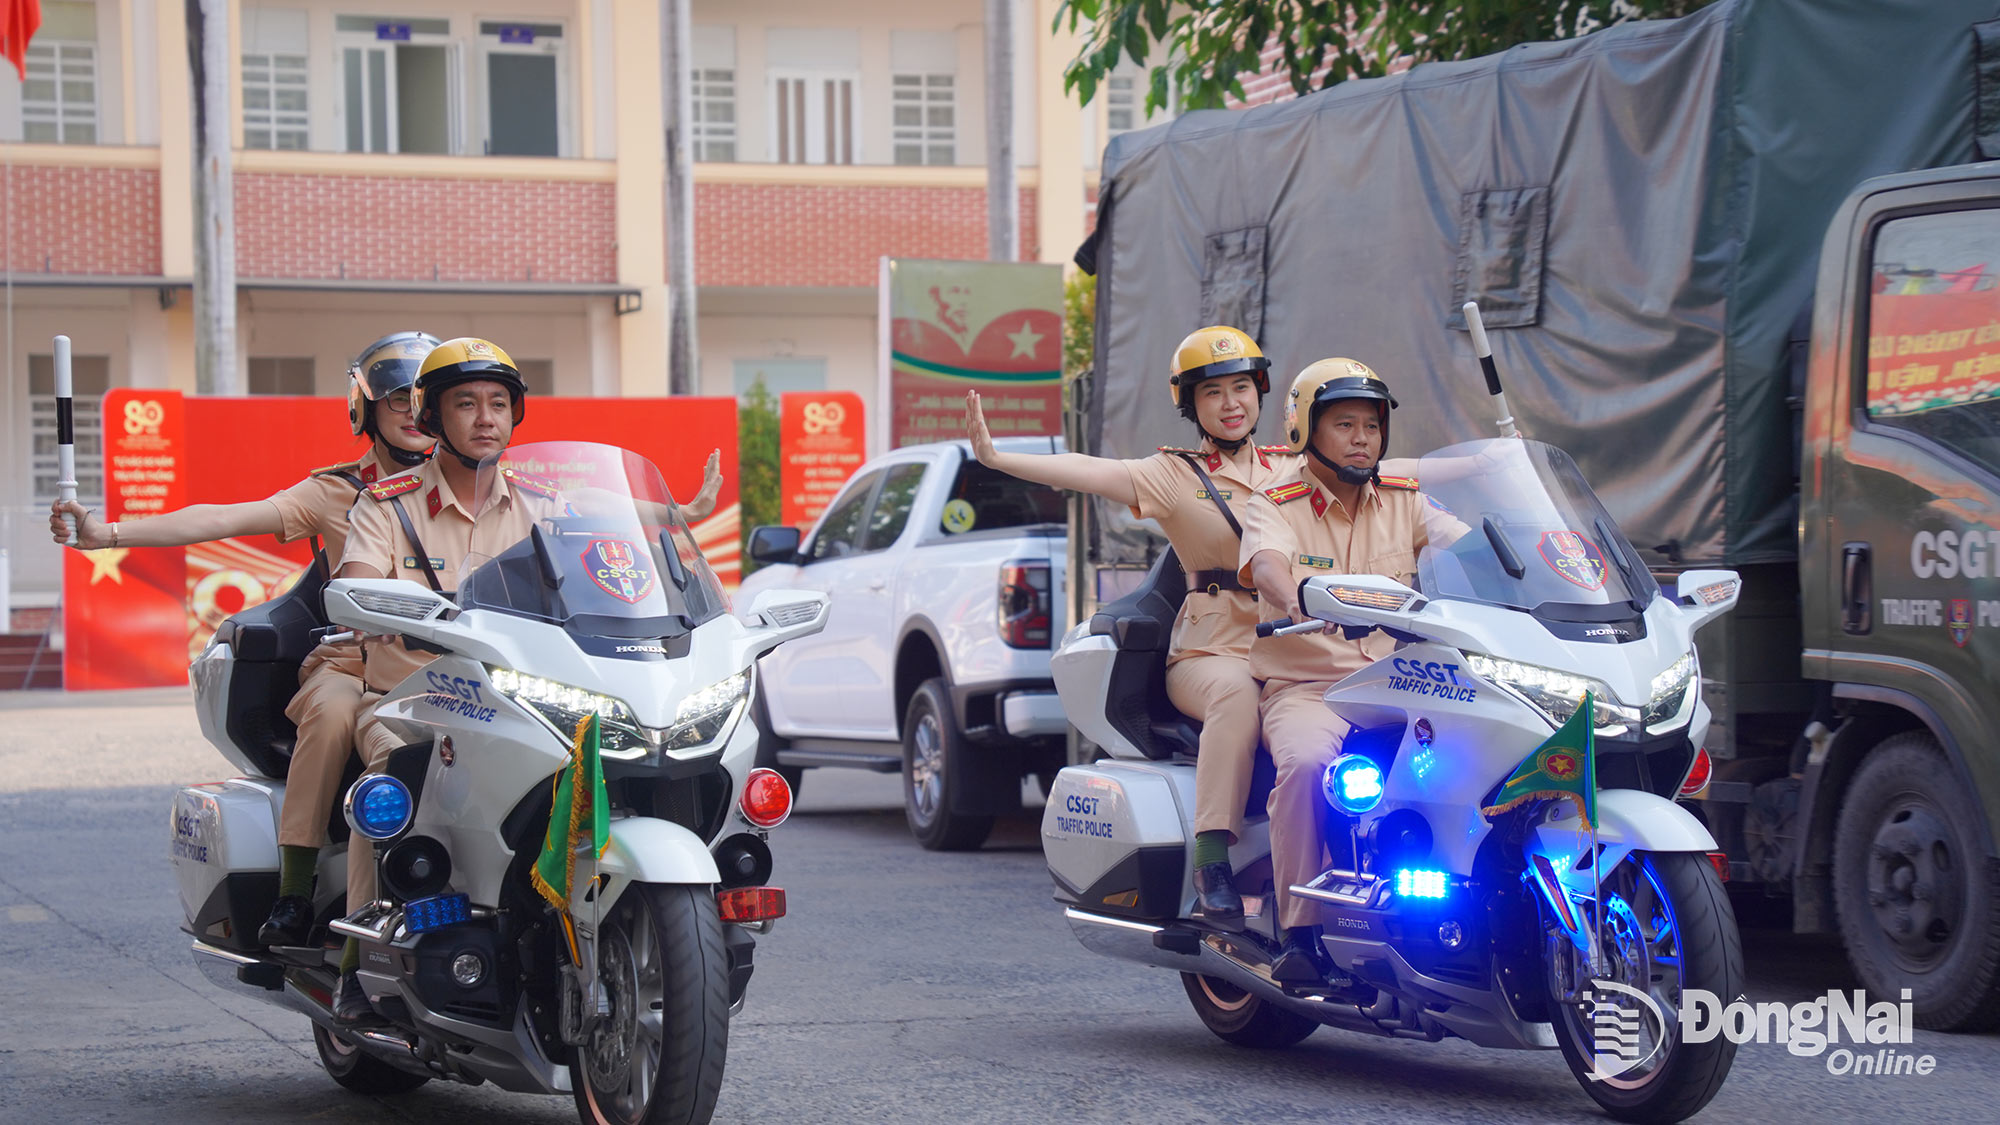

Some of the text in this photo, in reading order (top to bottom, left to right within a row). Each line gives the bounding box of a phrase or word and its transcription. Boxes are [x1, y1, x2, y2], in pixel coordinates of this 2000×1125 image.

[1556, 558, 1600, 568] CSGT
[1911, 529, 2000, 579] CSGT
[597, 568, 648, 579] CSGT
[1881, 598, 1943, 626] TRAFFIC
[1585, 628, 1630, 637] HONDA
[615, 646, 668, 654] HONDA
[1393, 657, 1459, 686] CSGT
[426, 670, 482, 704] CSGT
[1388, 675, 1477, 703] TRAFFIC POLICE
[424, 690, 497, 722] TRAFFIC POLICE
[1067, 794, 1099, 816] CSGT
[178, 815, 200, 838] CSGT
[1057, 816, 1113, 838] TRAFFIC POLICE
[1337, 917, 1371, 930] HONDA
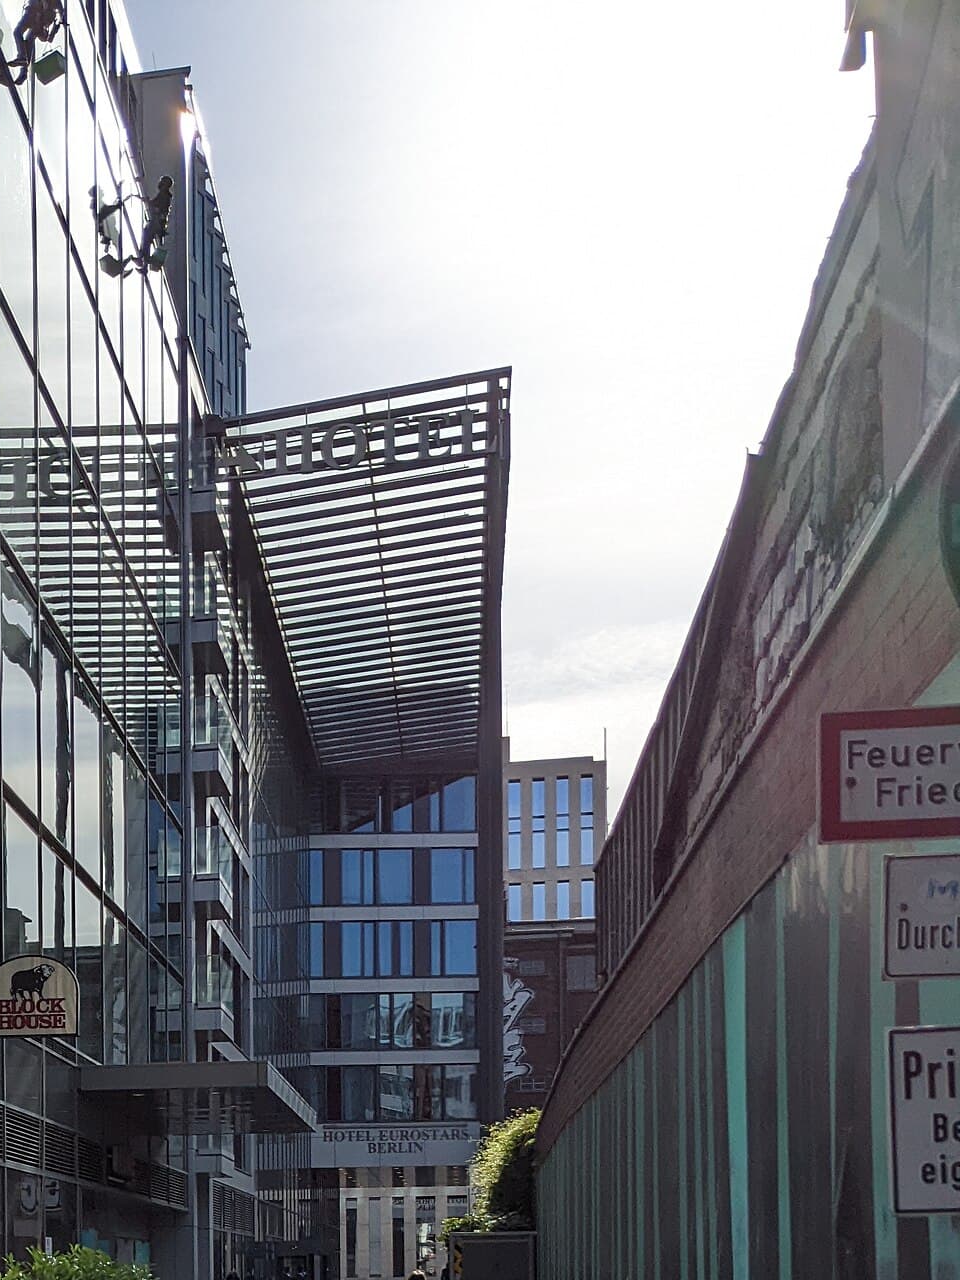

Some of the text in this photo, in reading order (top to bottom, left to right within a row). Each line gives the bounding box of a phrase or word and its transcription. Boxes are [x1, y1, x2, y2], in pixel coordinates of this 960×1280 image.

[897, 916, 960, 950] Durc
[323, 1128, 469, 1143] HOTEL EUROSTARS
[367, 1141, 424, 1154] BERLIN
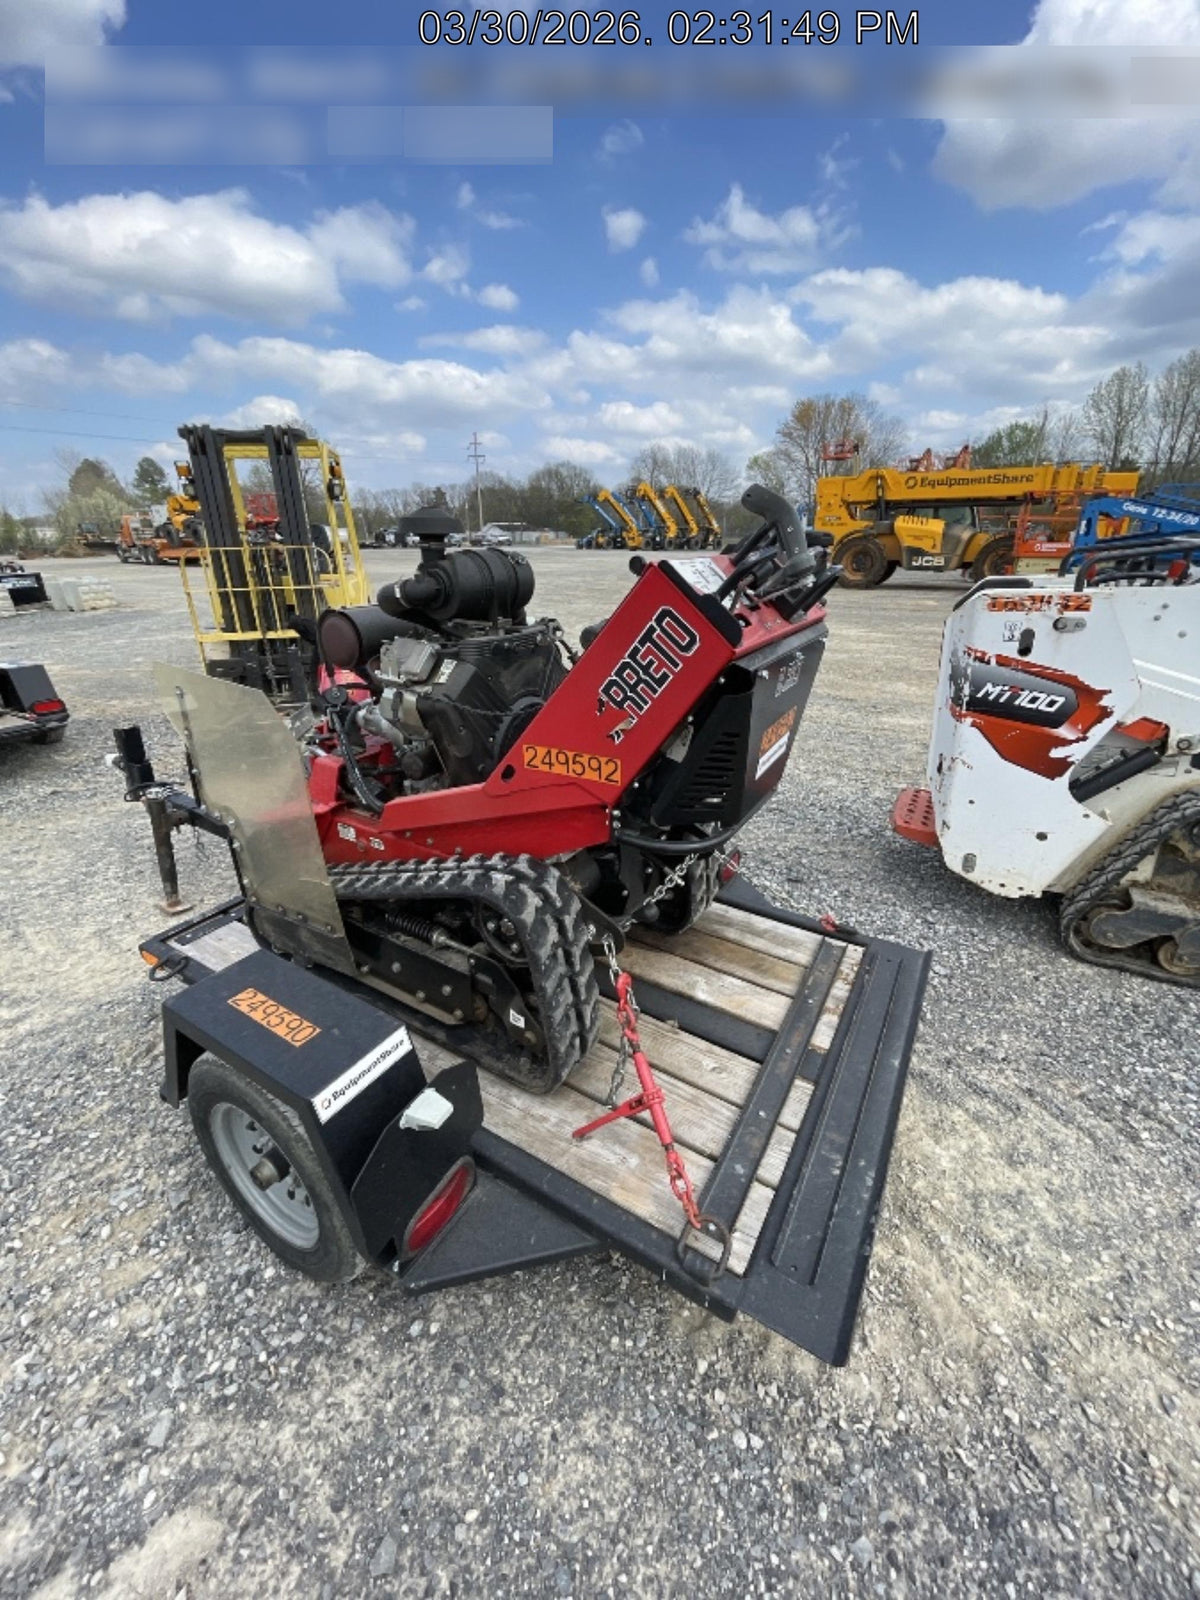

_ _ _

#### The task
Leave out the pictures, and write out all the remaining data above exactly.

#### Exercise solution
Some of the text in this photo, in reading order (top to bottom, left to right within a row). Each line gives the bounding box of a phrase or word and its transcription. Boxes are [x1, y1, x2, y2], in pixel coordinates of this 2000×1125 image.

[1556, 558, 1600, 568] CSGT
[1911, 529, 2000, 579] CSGT
[597, 568, 648, 579] CSGT
[1881, 598, 1943, 626] TRAFFIC
[1585, 628, 1630, 637] HONDA
[615, 646, 668, 654] HONDA
[1393, 657, 1459, 686] CSGT
[426, 670, 482, 704] CSGT
[1388, 675, 1477, 703] TRAFFIC POLICE
[424, 690, 497, 722] TRAFFIC POLICE
[1067, 794, 1099, 816] CSGT
[178, 815, 200, 838] CSGT
[1057, 816, 1113, 838] TRAFFIC POLICE
[1337, 917, 1371, 930] HONDA

Some of the text in this photo, in reading order (top to bottom, left to right within a row). Each line gives the bounding box of a phrase or word and its transcription. Boxes are [x1, y1, x2, y2], in pixel coordinates of this 960×1280 image.

[897, 916, 960, 950] Durc
[323, 1128, 469, 1143] HOTEL EUROSTARS
[367, 1141, 424, 1154] BERLIN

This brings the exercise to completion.